HOW TO COMPLETE THIS TASK
Your reply should consist of the entries, copied exactly and stripped of images.

DATA
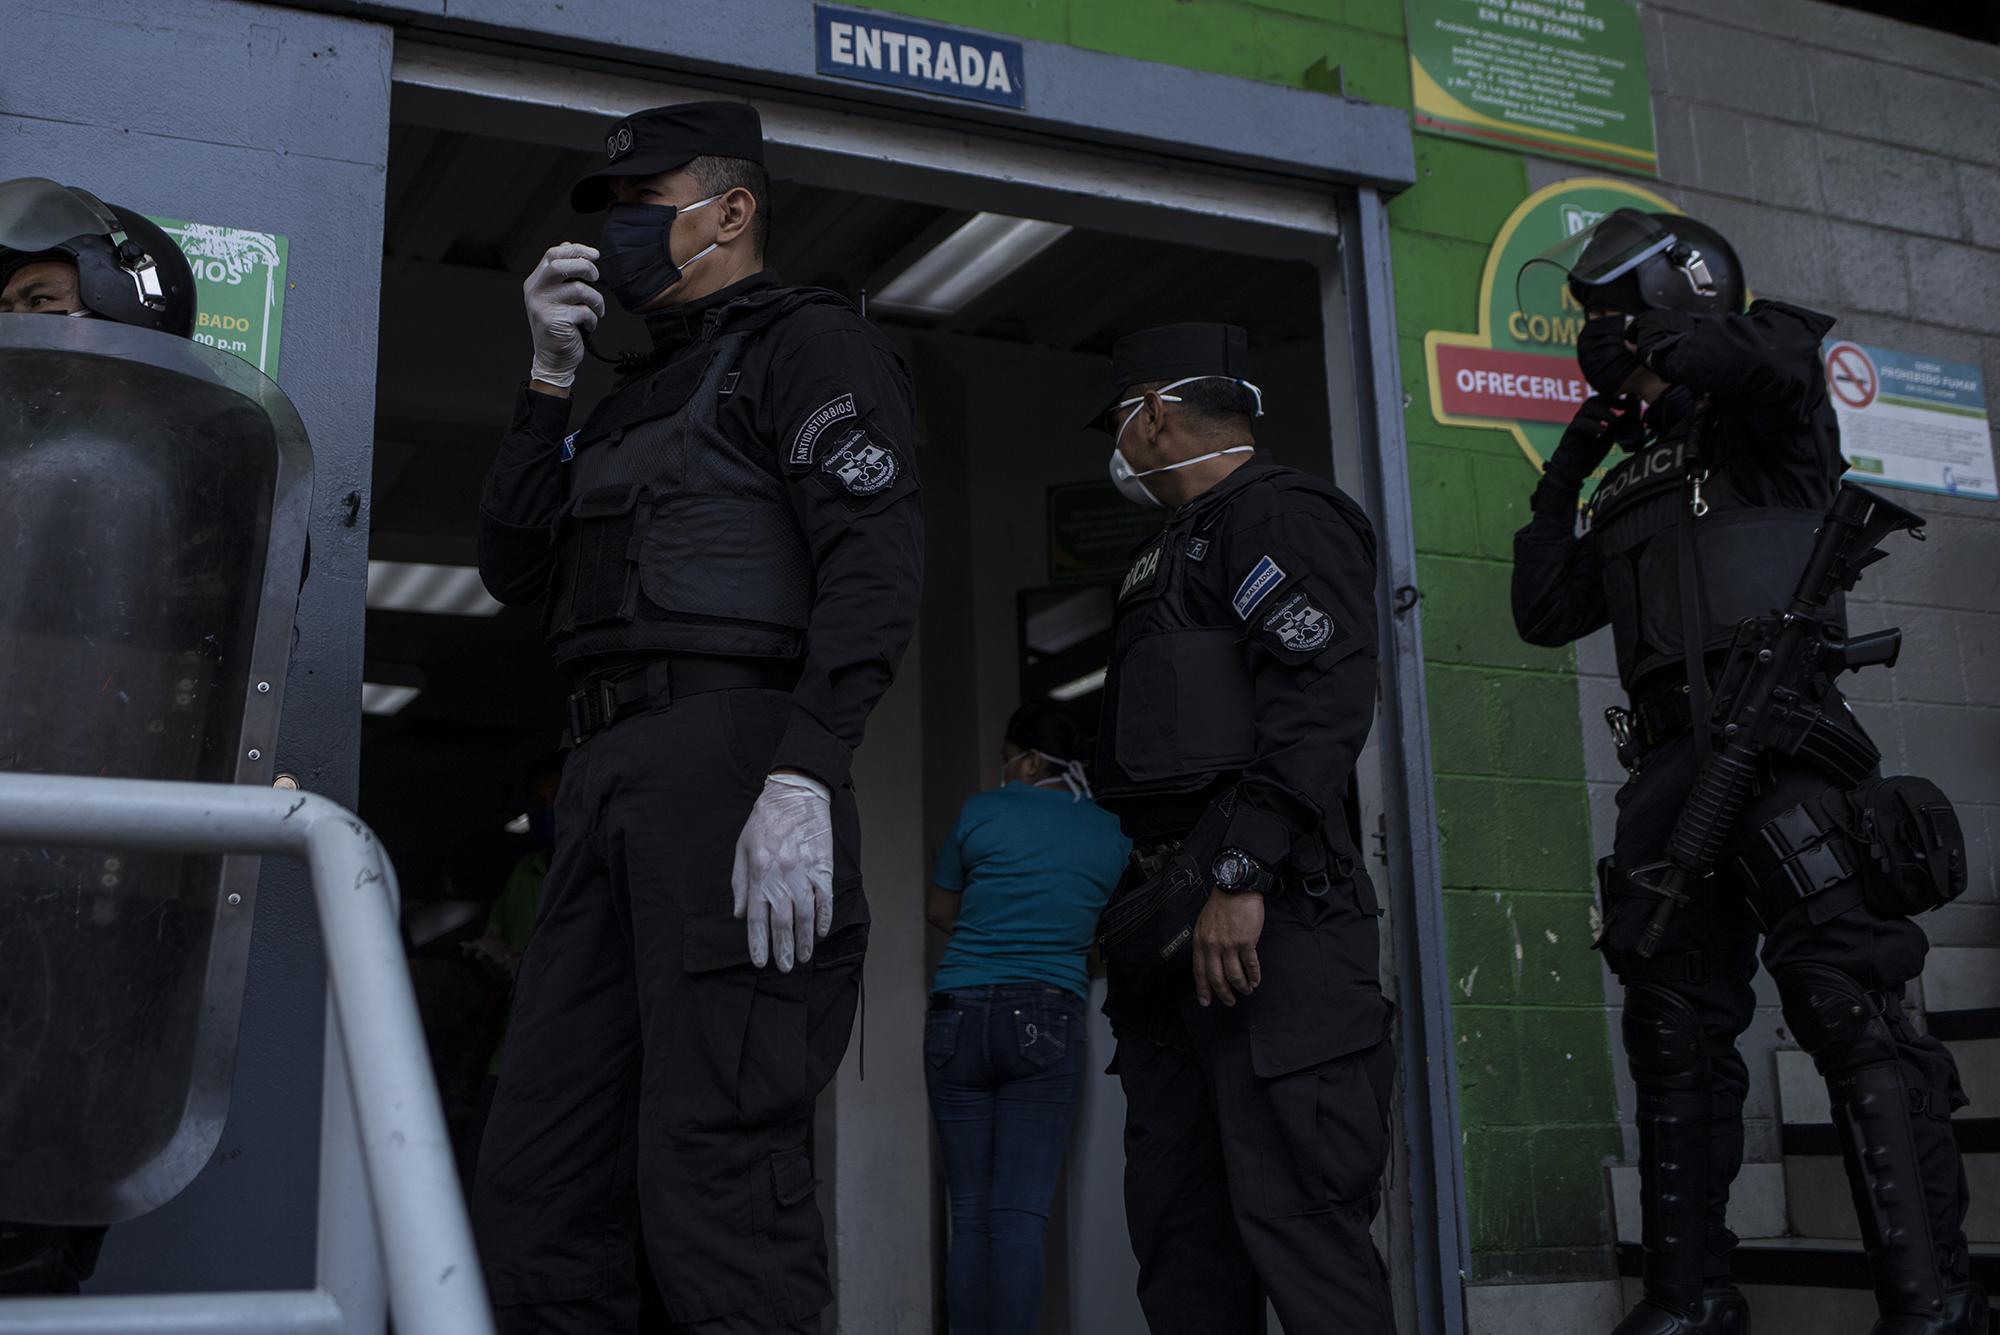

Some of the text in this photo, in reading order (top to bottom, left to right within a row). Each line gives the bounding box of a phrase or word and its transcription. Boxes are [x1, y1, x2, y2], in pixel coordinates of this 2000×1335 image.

[1502, 12, 1539, 33] ESTA
[830, 21, 1012, 93] ENTRADA
[196, 312, 250, 331] BADO
[1508, 310, 1586, 347] COM
[192, 333, 214, 346] 00
[1456, 368, 1583, 402] OFRECERLE
[1881, 366, 1977, 392] PROHIBIDO FUMAR
[796, 400, 852, 460] ANTIDISTURBIOS
[1597, 443, 1684, 507] POLICI
[1245, 567, 1275, 599] SALVADOR
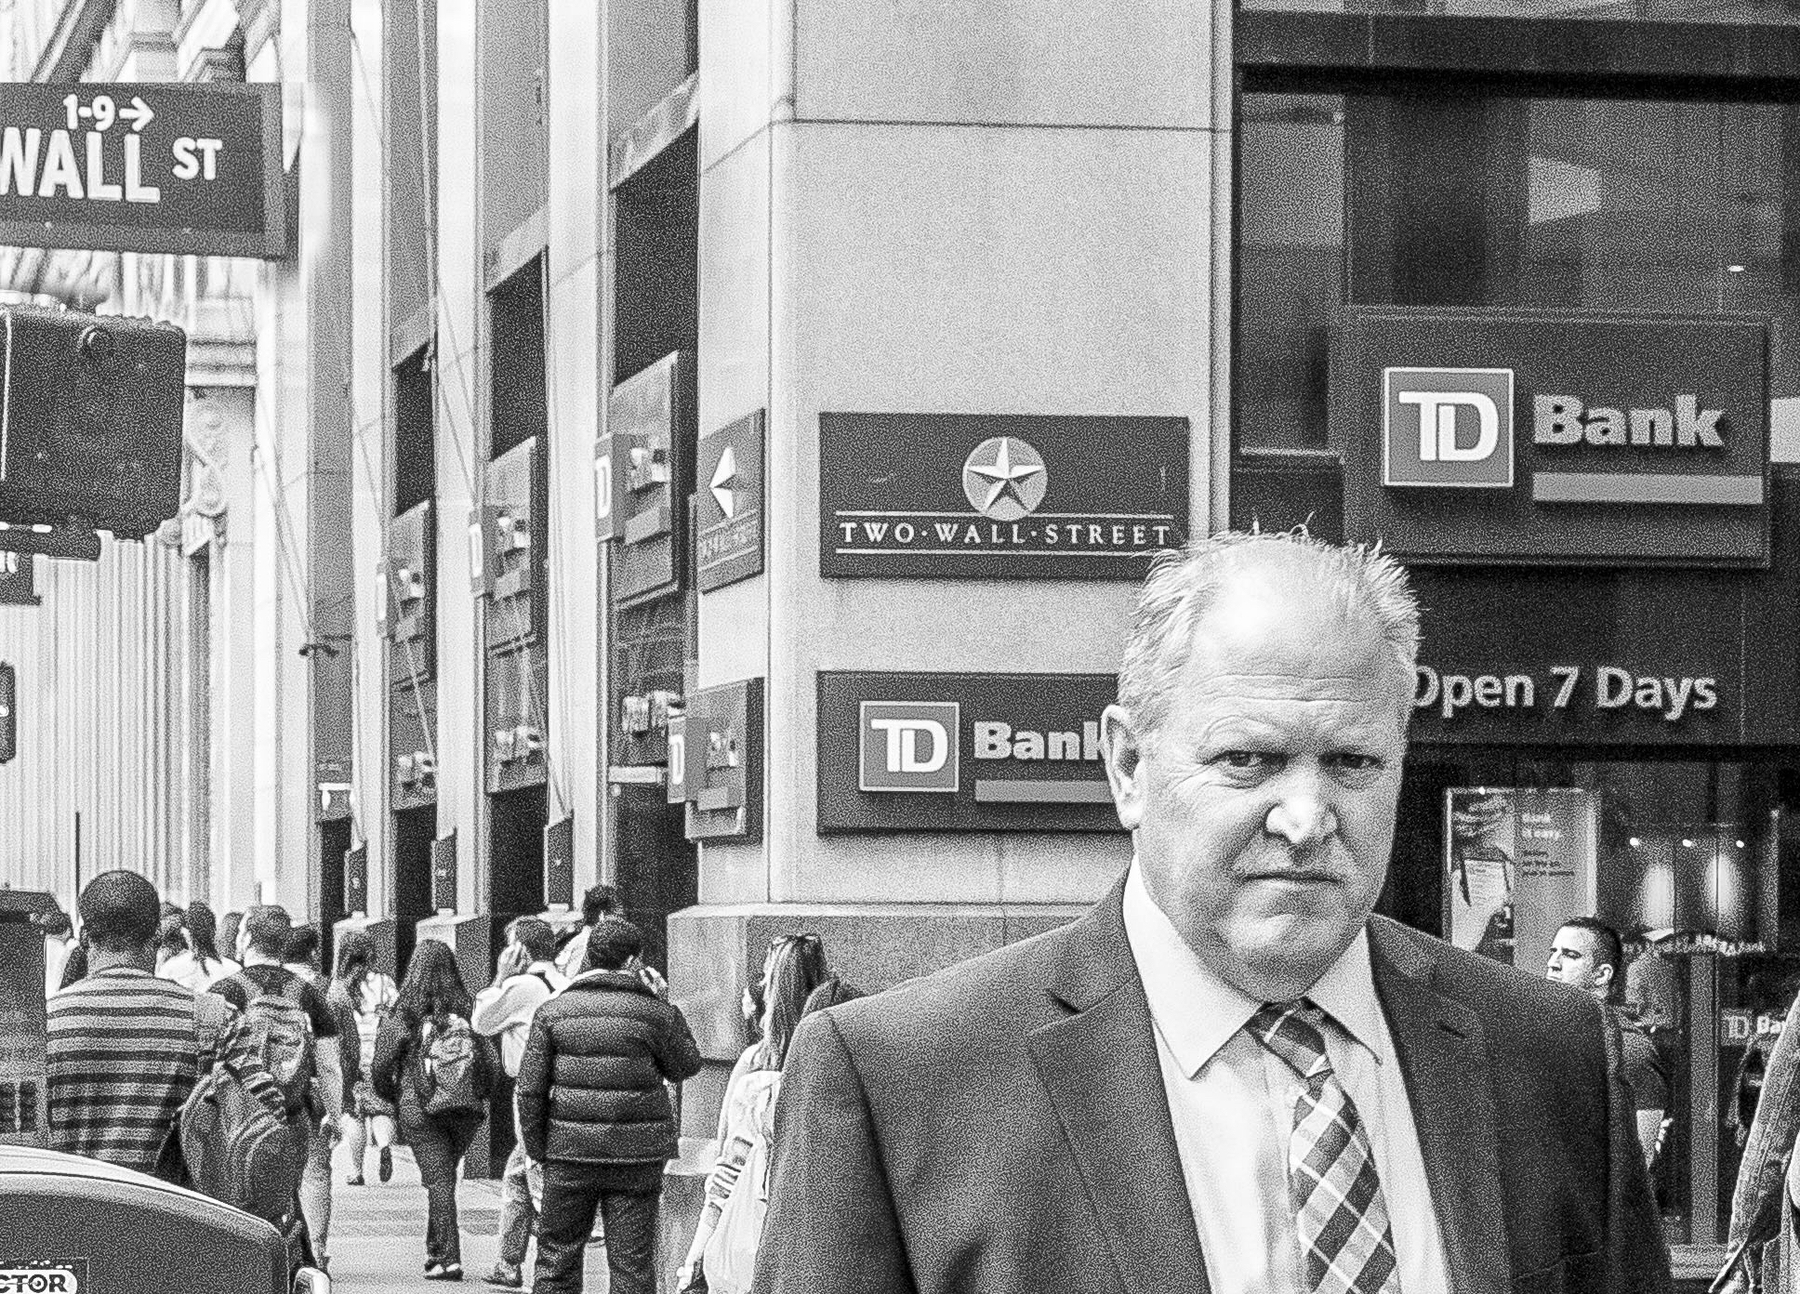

SOLVED PROBLEM
Some of the text in this photo, in reading order (top to bottom, left to right within a row). Each line gives the bounding box of a phrase or word and its transcription. Boxes are [x1, y1, x2, y2], in pixel coordinates of this 2000×1335 image.

[1502, 12, 1539, 33] ESTA
[830, 21, 1012, 93] ENTRADA
[196, 312, 250, 331] BADO
[1508, 310, 1586, 347] COM
[192, 333, 214, 346] 00
[1456, 368, 1583, 402] OFRECERLE
[1881, 366, 1977, 392] PROHIBIDO FUMAR
[796, 400, 852, 460] ANTIDISTURBIOS
[1597, 443, 1684, 507] POLICI
[1245, 567, 1275, 599] SALVADOR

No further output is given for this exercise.